DIRECTIONS: Every record must appear in your copy exactly as written, with no pictures.

(Images for object localization)
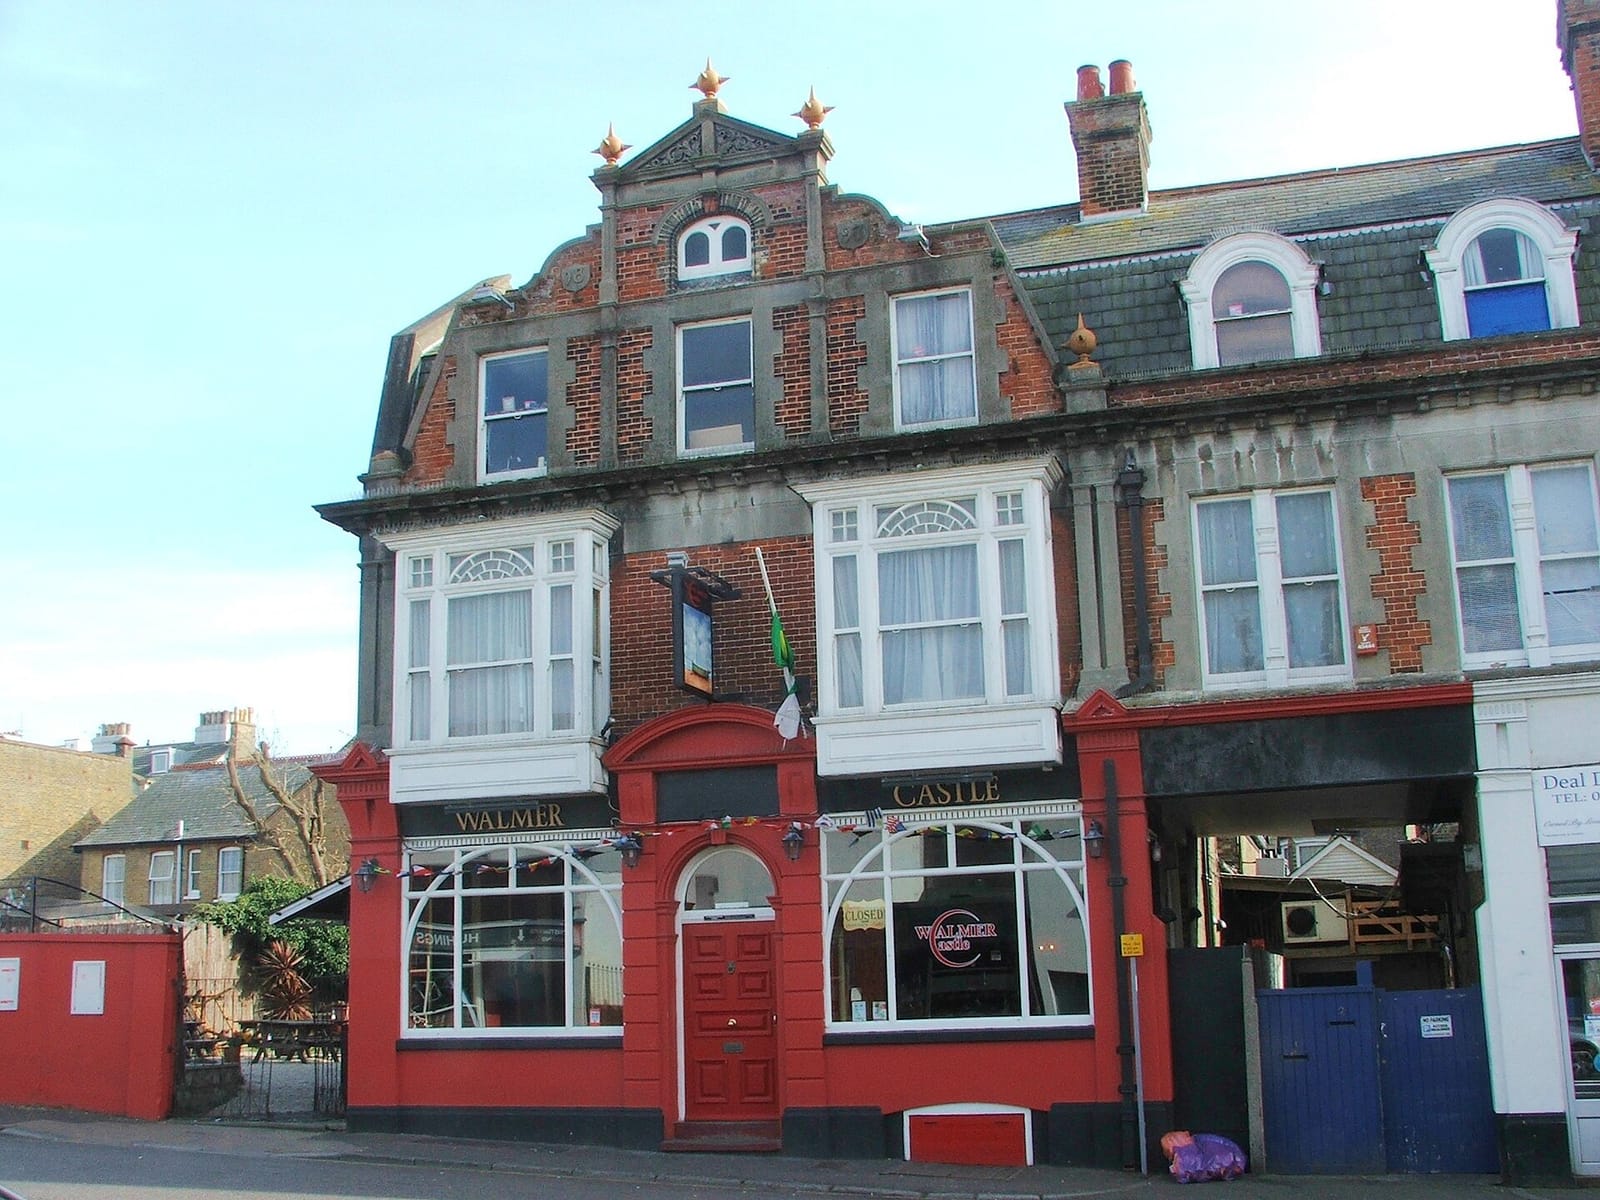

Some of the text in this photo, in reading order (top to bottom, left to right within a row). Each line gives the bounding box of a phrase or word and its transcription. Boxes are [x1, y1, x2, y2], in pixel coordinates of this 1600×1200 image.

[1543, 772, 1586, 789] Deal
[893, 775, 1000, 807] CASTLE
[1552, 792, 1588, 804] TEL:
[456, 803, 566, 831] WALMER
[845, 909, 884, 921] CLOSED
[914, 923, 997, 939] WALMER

ANSWER SPACE:
Some of the text in this photo, in reading order (top to bottom, left to right within a row). Each line gives the bounding box of a phrase or word and its transcription. Boxes are [x1, y1, x2, y2], in pixel coordinates of this 1600×1200 image.

[1543, 772, 1586, 789] Deal
[893, 775, 1000, 807] CASTLE
[1552, 792, 1588, 804] TEL:
[456, 803, 566, 831] WALMER
[845, 909, 884, 921] CLOSED
[914, 923, 997, 939] WALMER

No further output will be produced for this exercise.